All of these services should be started, and their startup type should be automatic.

All computers should be in the same workgroup for computer browsing to function properly. File & Print Sharing has to be enabled on any computer you wish to share files or printers from. You also need to actually share the resource in question from My Computer, right click on the drive/printer/folder, and select sharing.

If you encounter difficulties accessing computers that are visible in Network Neighborhood, make sure the computer being accessed has an account with the same name/password as the system connecting to it uses to login.

While the default NetBIOS setting is correct for normal network configurations, it's possible for it to be altered, and it costs nothing to make sure it's correct. NETBIOS over TCP/IP must be enabled for normal network browsing.


----------



## Bryan84 (Aug 2, 2003)

Thanks for your.

I was able to ping both computers. And both computer, all the services are running well. And all the settings for the File & Print Sharing are enabled.

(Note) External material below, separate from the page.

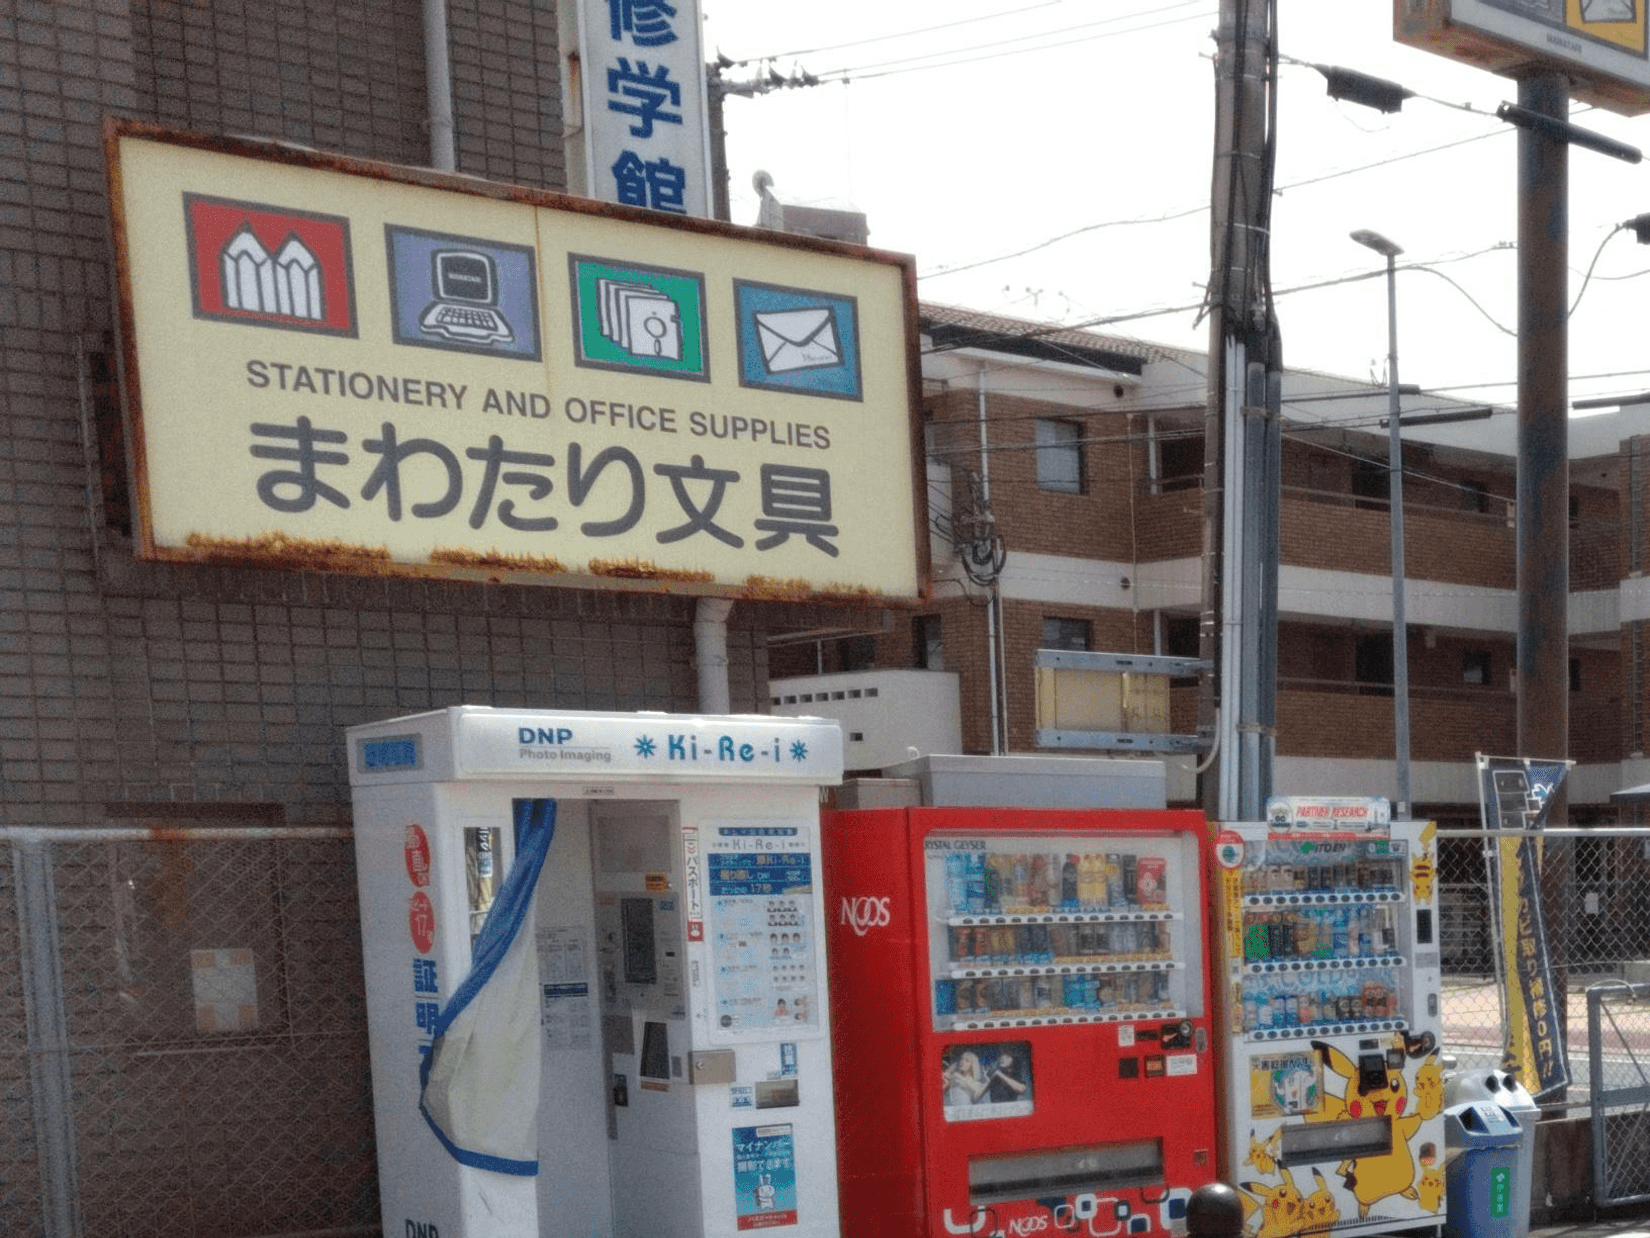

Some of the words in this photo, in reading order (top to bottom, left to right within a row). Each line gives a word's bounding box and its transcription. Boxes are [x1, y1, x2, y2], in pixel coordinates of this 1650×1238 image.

But still I get the error.

Any idea what I can do next?


----------



## JohnWill (Oct 19, 2002)

This is a permissions error, what is the specific version of each version of WIndows?

XP-Home, XP-Pro, Vista-Home, Vista-Business, Vista-Ultimate?


----------



## Bryan84 (Aug 2, 2003)

Desktop = Vista-Ultimate
Laptop = Vista-Business

Again I stress that it was working fine actually. Then SUDDENLY it failed to connect. It's a one-way thing now. Desktop to Laptop. But not Laptop to Desktop. So it must be something to do with my Desktop settings.


----------



## JohnWill (Oct 19, 2002)

I'd check the permissions on the desktop shared folders and see if they're correct.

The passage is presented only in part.